So I woke up this morning all brain-dead, per usual. It's around that time I realize that the events of the previous weekend – the under eighteen cross-country heats bode an ill morning for me. I managed to goad one of my less-buff friends, Ron, into coming to run with me. He whined and grumbled and went on about breaking a nail, just like a girl, but I dragged our freezing half-assed butts out there with nothing but coffee to sustain us. Ron was convinced he would collapse on the track and I'd have to drag his sorry body through the mud and grit, mussing his hair along the way, so that he could be airlifted to the nearest trauma hospital. I remained unfaze. But as it went on, Ron is surprisingly talented at negotiating – when he wants to be. I was coerced into a deal in which if he survived the whole cross-country without complaining, I'd make him chocolates. Ron, in his usual sleepy fashion went “chocolates from Fia? No freakin' way. That's legendary”. My chocolates are something of the fabled Aztecs, so the deal went down nicely ^_~

On my end, I never expected Ron to be able to hold up through around thirty-five minutes of solid jogging. So how'd the freaking guy turn up to place UNFREAKING BELIEVABLE FIRST out of twenty-seven runners? I was flabbergasted, to say in the least. And Ron? He got his two pretty girls with pink lipstick that smeared all over him, and his shiny medal. He was a brilliant scarlet and barely able to puff out two words without collapsing. But you know what the sucker punchline of this story was? The ridiculous moral? I, who had dragged him out here for a crash course in P.E, I had who had brought out this fit-as guy, was forced under duress of pointy talon of trophy girl to cook him more chocolates. I had no choice, but lemme tell you this; all that I did was unwilling.

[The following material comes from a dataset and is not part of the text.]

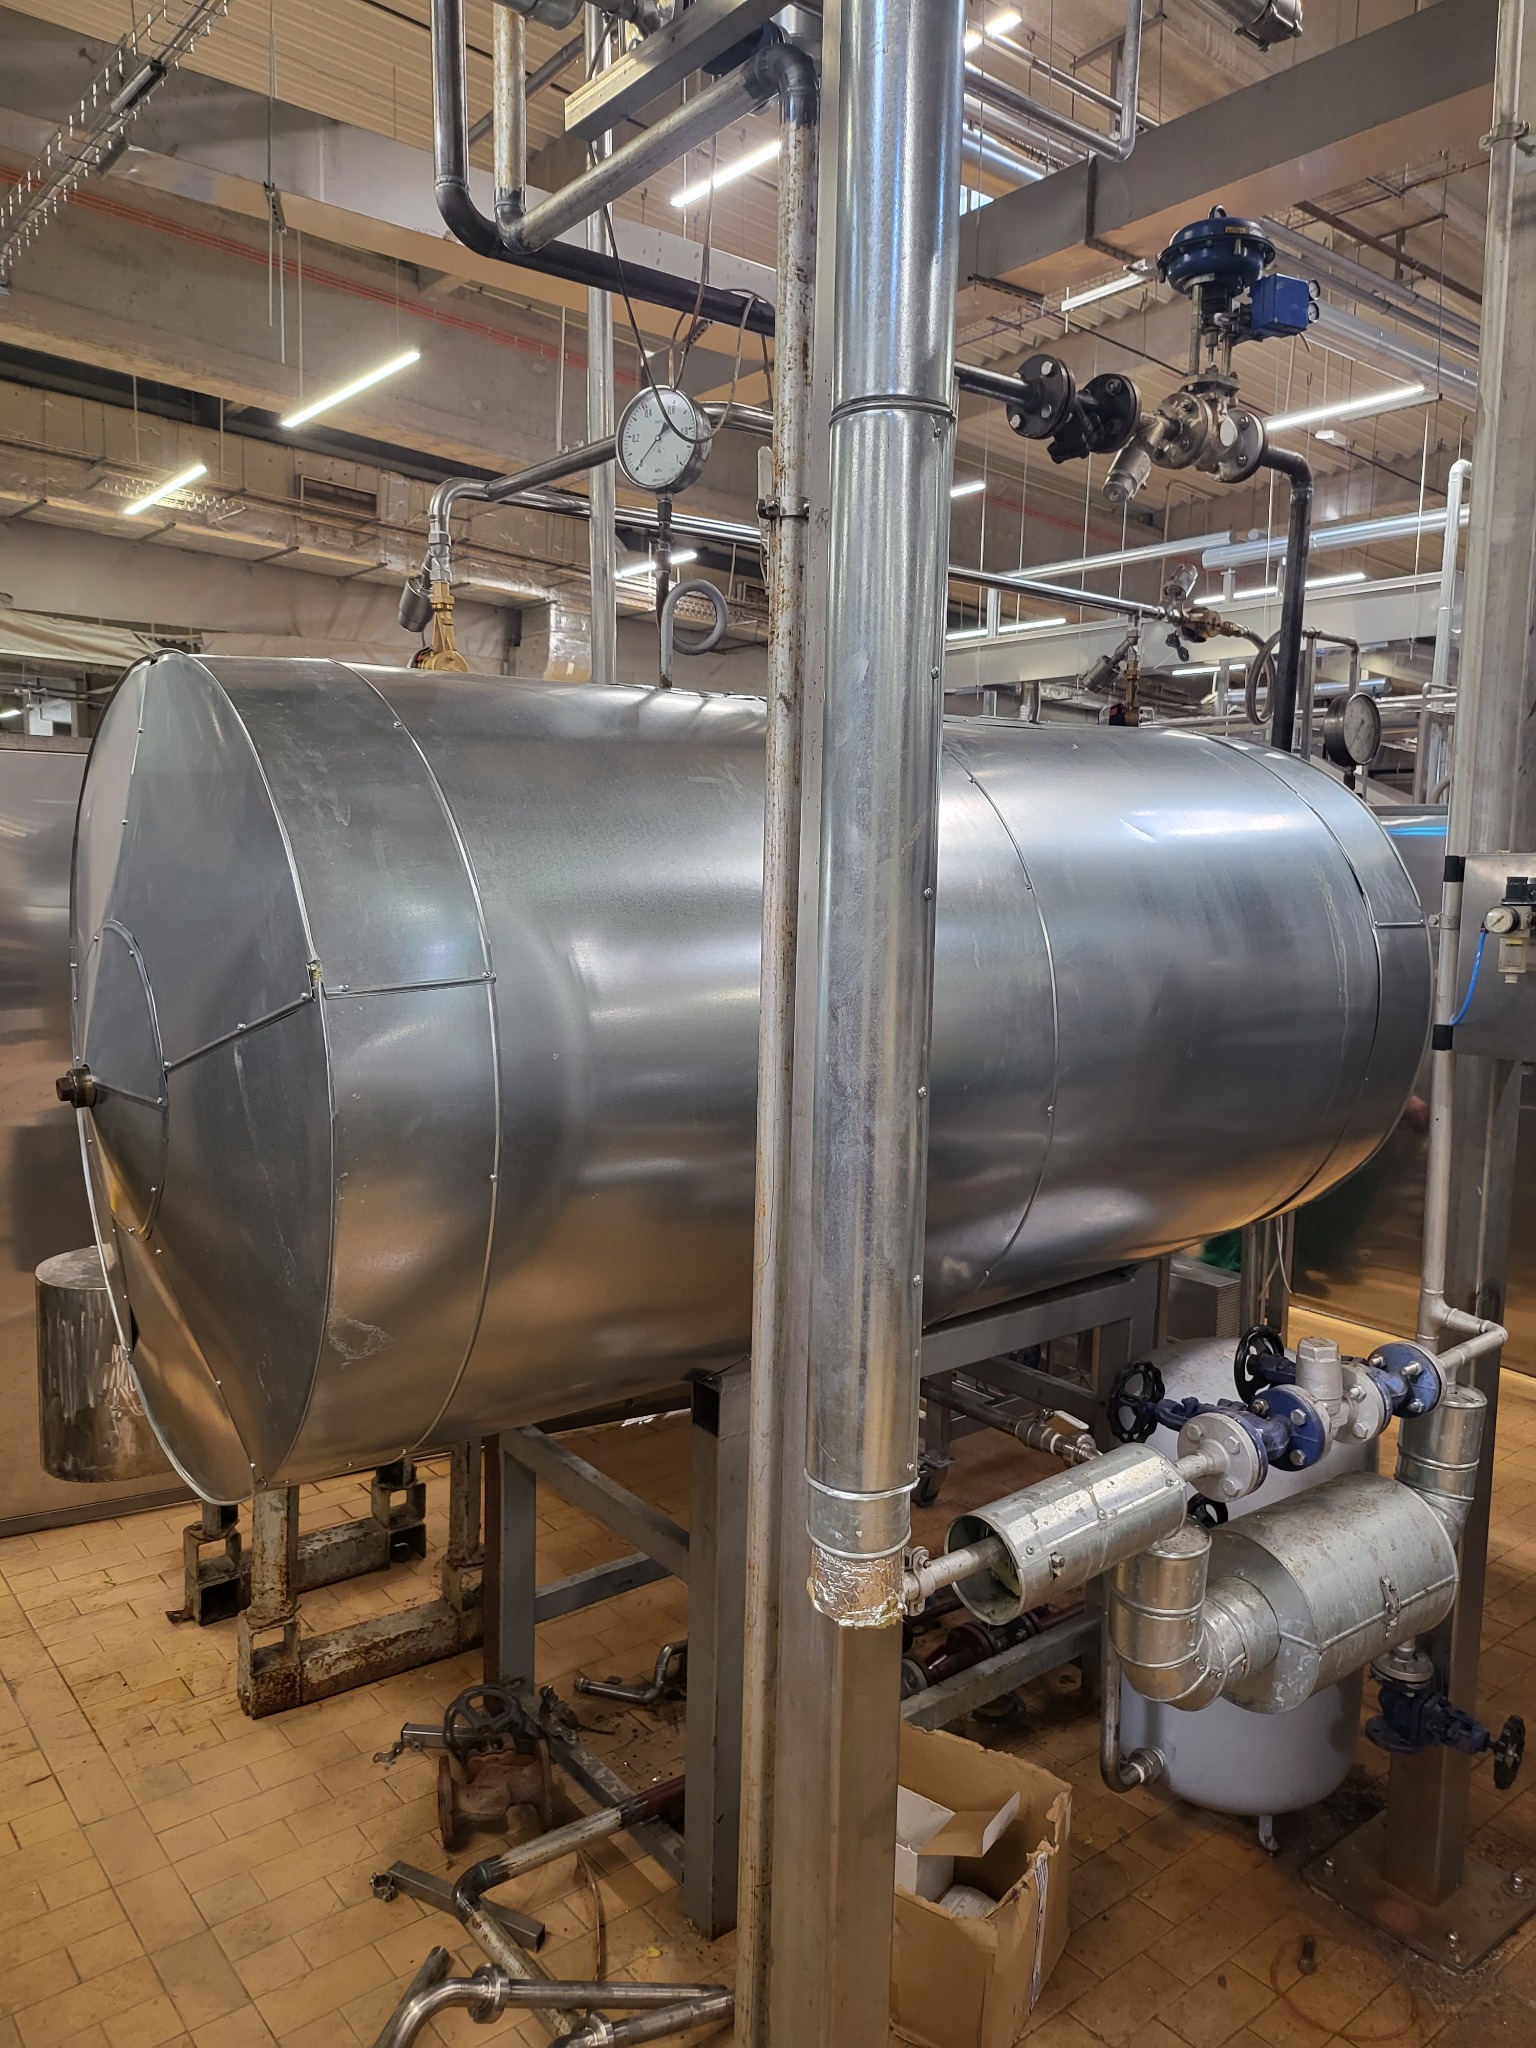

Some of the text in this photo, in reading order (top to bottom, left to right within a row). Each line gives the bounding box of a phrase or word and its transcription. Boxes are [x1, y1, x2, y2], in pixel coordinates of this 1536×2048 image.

[644, 409, 652, 418] 0,4
[680, 426, 688, 436] 08
[632, 433, 640, 443] 0,2

7:51 am --> twenty tiny delicious chocolates made, baked, wrapped and ready to go

Sometime around now, my parents were throwing a braingasm downstairs. Something along the lines of 'HOMINAGAWD OUR FREAKING DAUGHTER IS LATE ONCE MORE!'. I wouldn't blame them; I had around nine or less minutes to run around four blocks and five miles [eight kilometres] to school!? That would give anyone the sheiks, and my parents were close to commiting dramatic suicides. So, being the trustworthy daughter, I shoved those twenty-odd chocolates into the very cramped bag, and dashed out the door still brain-dead, unshowered and looking like the walking dead in every way. Somehow, I managed to sprint around three and three quarter blocks before snagging a lift from a desperately worried mother of a seventh-grader. I think my huffing and puffing, my redfacedness, and my twitchy desperate seizing of the air two miles before the school gates had her worried about what sort of boy her son was going to grow up to be - and what kind of girl he was going to date. I still didn't give that much of a good image either; my wheezing sort of threw things out of whack.

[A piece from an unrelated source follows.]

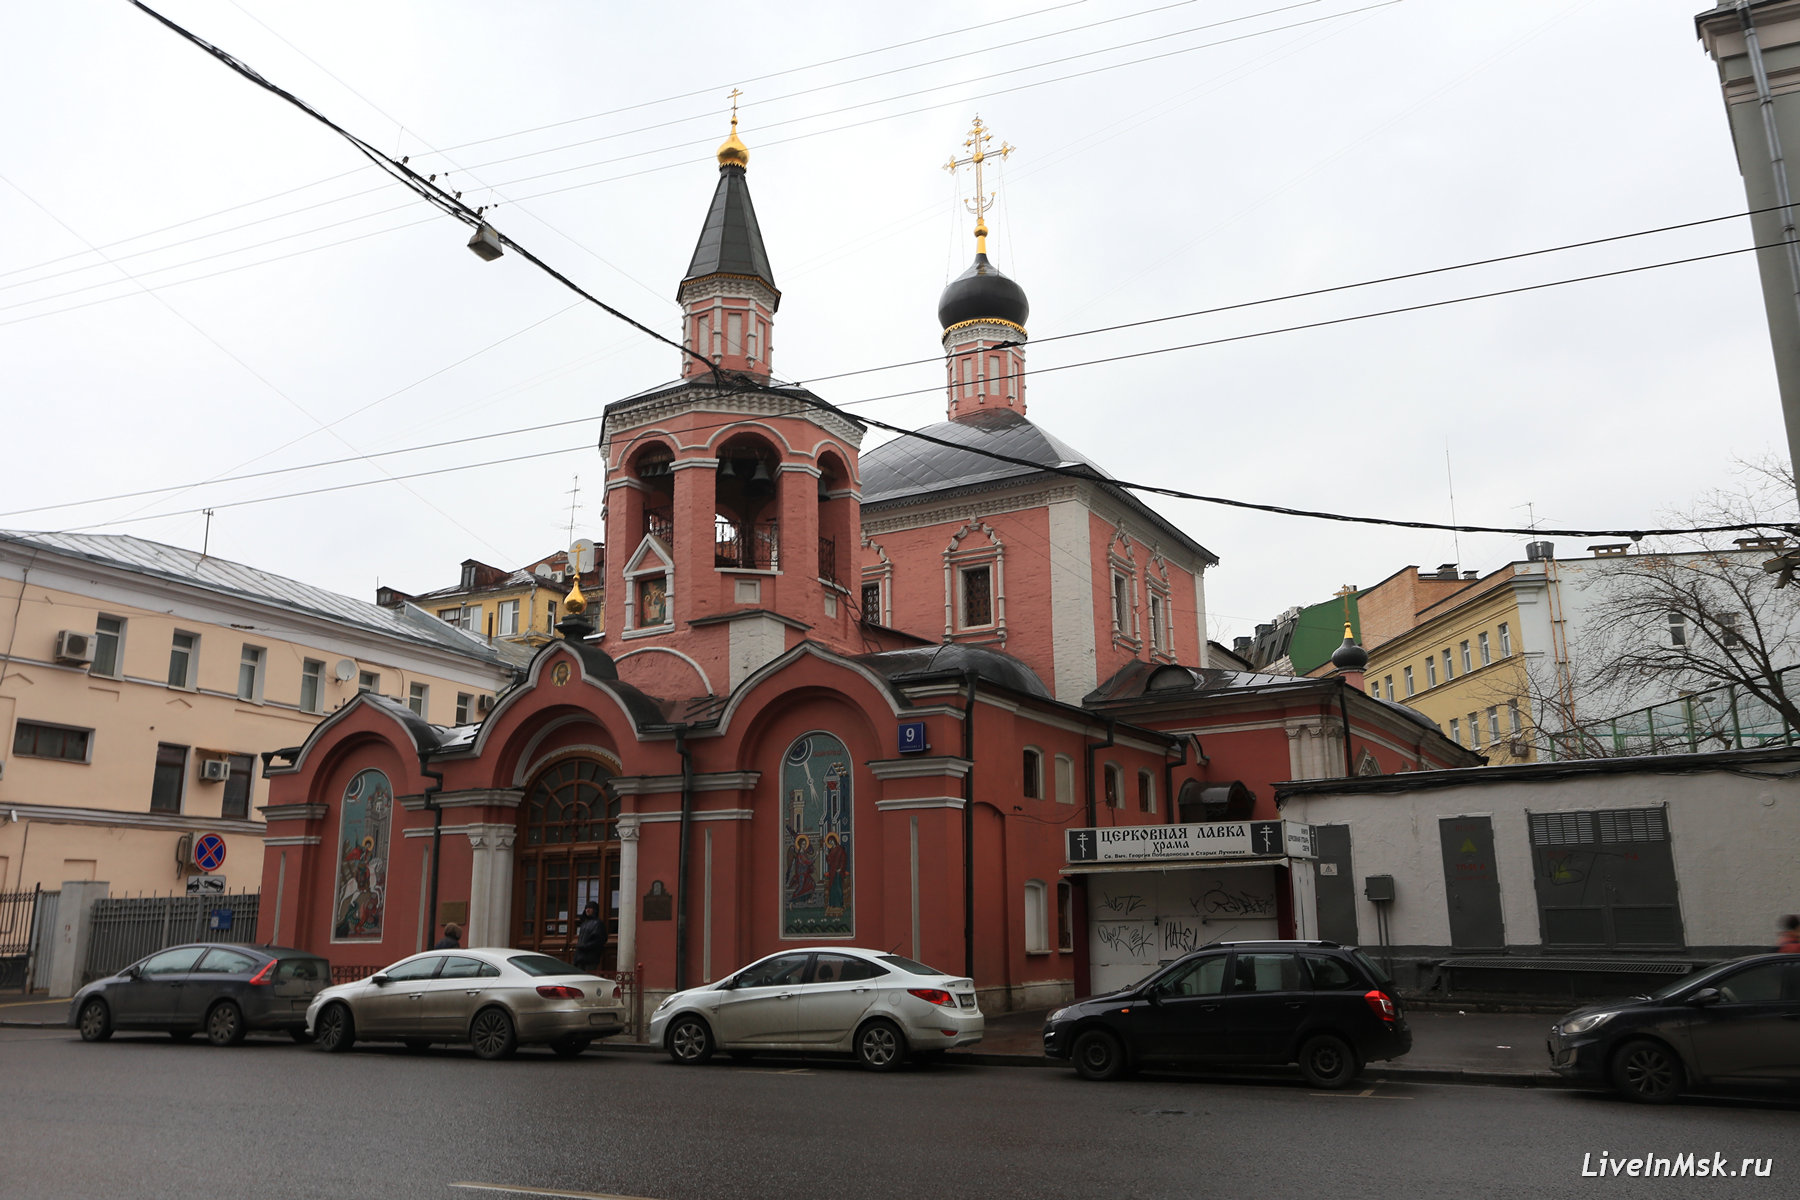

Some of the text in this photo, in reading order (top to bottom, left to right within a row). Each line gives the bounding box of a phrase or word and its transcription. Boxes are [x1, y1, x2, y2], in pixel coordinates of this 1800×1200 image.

I get to school fifteen minutes late. FREAKING SEVENTH-GRADERS WHO ONLY HAVE TO COME AT EIGHT-THIRTY. But then again, maybe my rambling of 'stupid Ron-!' didn't give the unclued-in mother the hint that I needed to be at school by eight. The receptionist throws a fit at my lateness and I apologize repeatedly. Ron swings by my locker just as I'm chucking stuff into it in a vehement fit, and what does he ask?

'Hey kid, you got my chocolates?'

12:40 pm --> lunchtime

So, Ron totally knocked himself out with my chocolates. They were a smash-hit. Encore. I believe he guzzled seventeen of those in one recess alone. Then suffered from post-deliciousness withdrawal at lunchtime, when there was only three left. I, who had made an extra batch for myself, and myself only, found this very amusing. It didn't help that the boy in question was sitting on my right-hand side, whining and groaning and clutching his stomach in a melodramatic way as he eyed my chocolates. So what was the strategic thing to do?

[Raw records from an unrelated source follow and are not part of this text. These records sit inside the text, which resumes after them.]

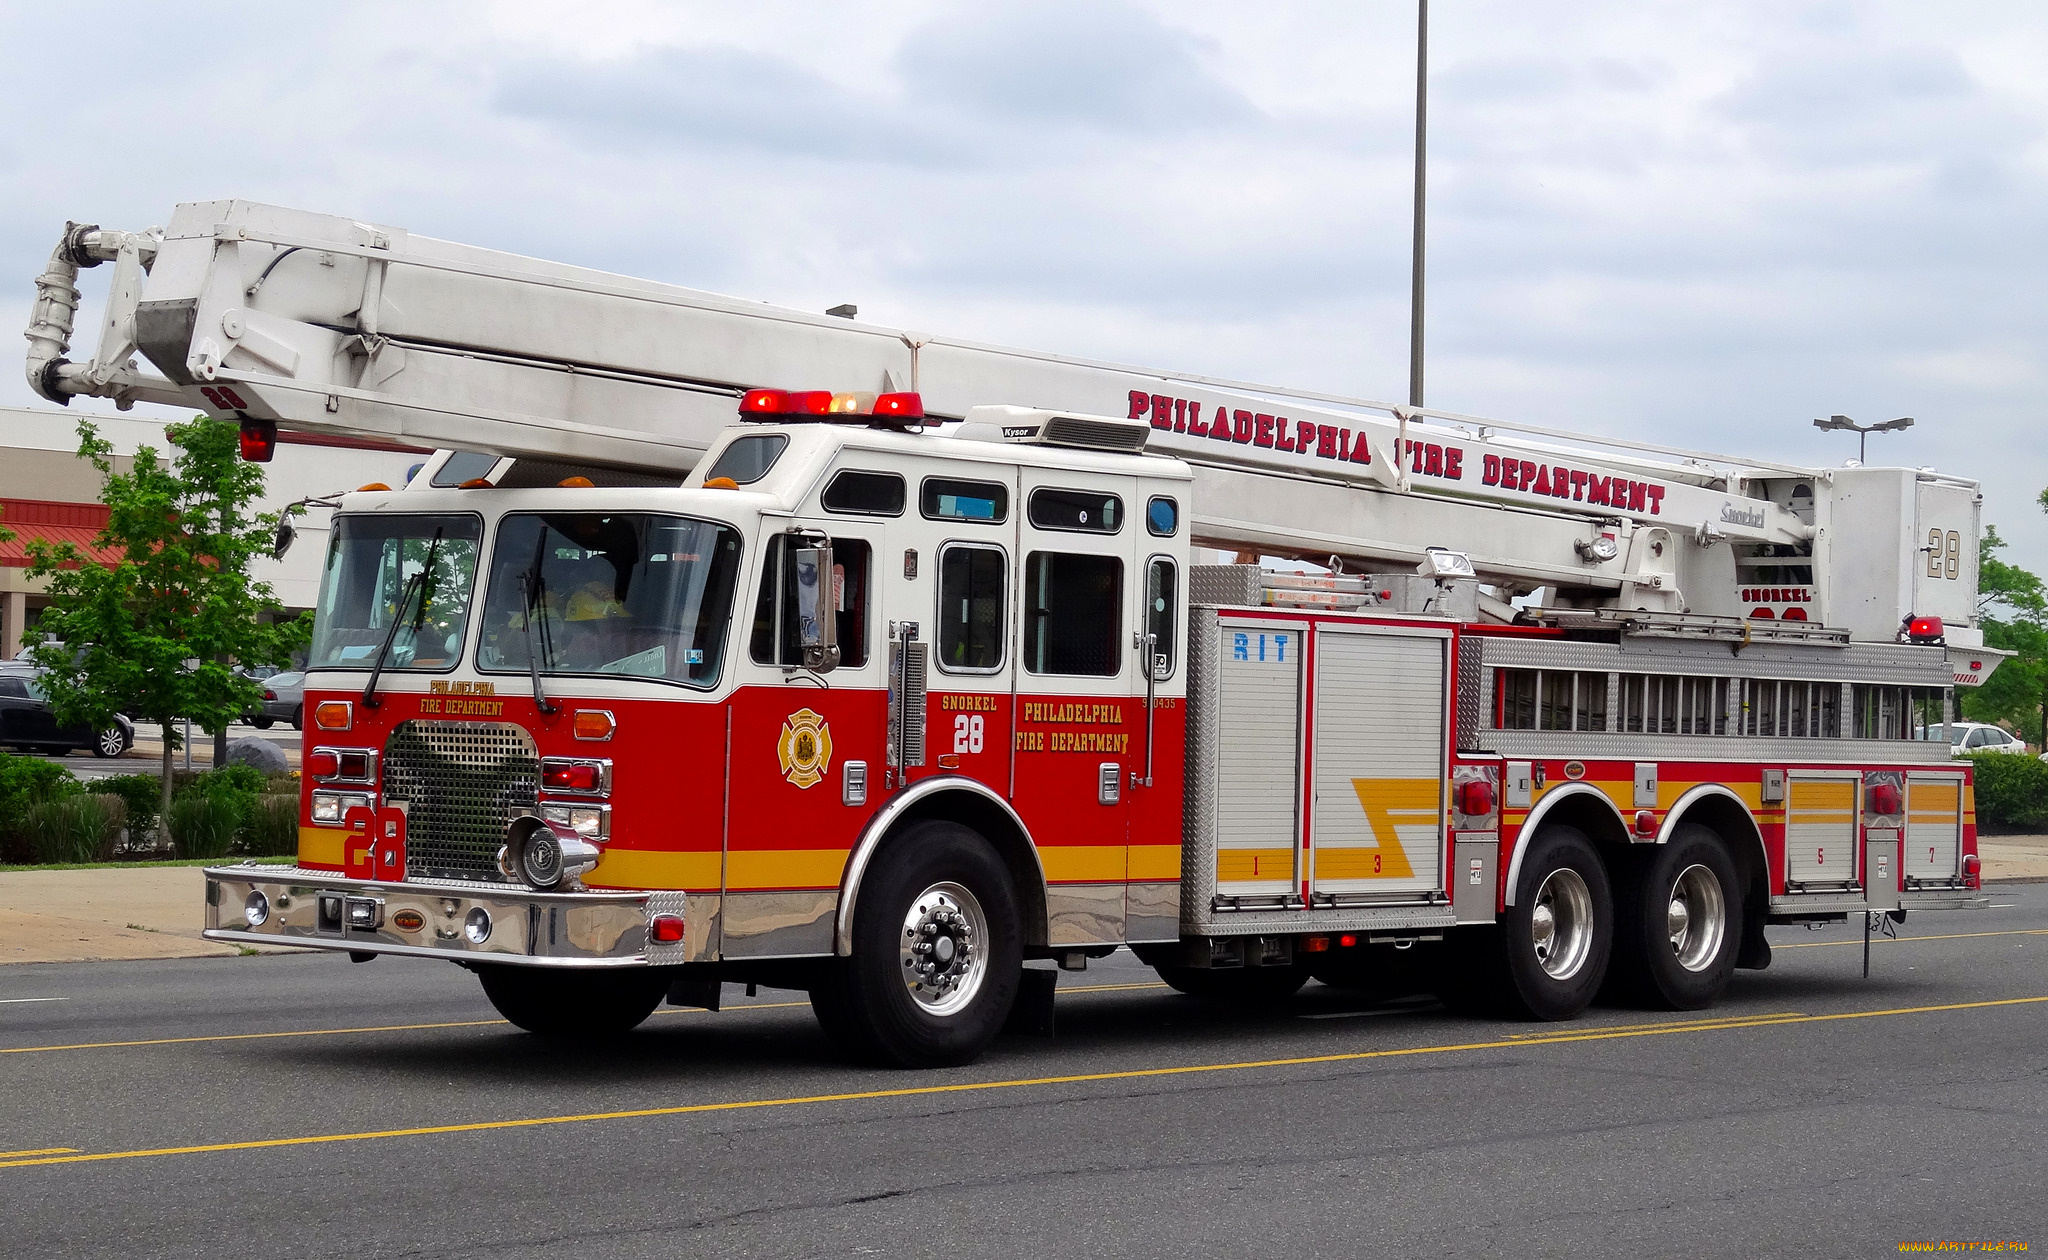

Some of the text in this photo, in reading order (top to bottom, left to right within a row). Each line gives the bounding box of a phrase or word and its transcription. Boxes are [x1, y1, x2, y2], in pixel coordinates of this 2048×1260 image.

[1004, 428, 1029, 437] Kysor
[1128, 390, 1372, 465] PHILADELPHIA
[1482, 453, 1666, 515] DEPARTMENT
[1927, 528, 1960, 580] 28
[1742, 589, 1812, 602] SNORKEL
[1234, 633, 1288, 662] RIT
[430, 680, 495, 696] PHILADELPHIA
[420, 698, 504, 716] FIRE DEPARTMENT
[942, 695, 997, 711] SNORKEL
[1024, 702, 1122, 724] PHILADELPHIA
[1142, 698, 1176, 709] 90435
[954, 714, 984, 754] 28
[1016, 731, 1129, 755] FIRE DEPARTMENT
[344, 806, 407, 882] 28
[1374, 854, 1382, 874] 3
[1817, 848, 1824, 865] 5
[1928, 847, 1935, 863] 7
[1253, 856, 1259, 876] 1

A) hand over half of the chocolates
B) glare, spit, and say 'IN YOUR FACE LOSER!'
C) give them to the rest of the class except for him
D) eat them very, very slowly and tantalisingly so as to taunt him. then hand him the last one.
E) look apologetic but it's his own fault.

What would you do? [WHAT WOULD JESUS DO? lawl XD]


I went with option 'D'. That's just the way our twisted minds work, huh? I let my friends snag a handful once I was done, as well as giving Ron at least one - or two - or three; I seriously couldn't eat a dozen chocolates all by myself, no matter how delicious they were. For some reason, my stomach is tiny. But then again, I get cravings to eat stuff like strawberries and chocolate mousse and PB&J sandwiches every now and then, only in small-form. It's like I'm a compulsive snacker O_o. What I lack in physical excercise I make up with gluttony. That's pretty much the way it is with me. One of these days I will be old and grey and fifty with a huge pot belly. And I'll still be snacking. I mean, c'mon; food can't be wasted, can it?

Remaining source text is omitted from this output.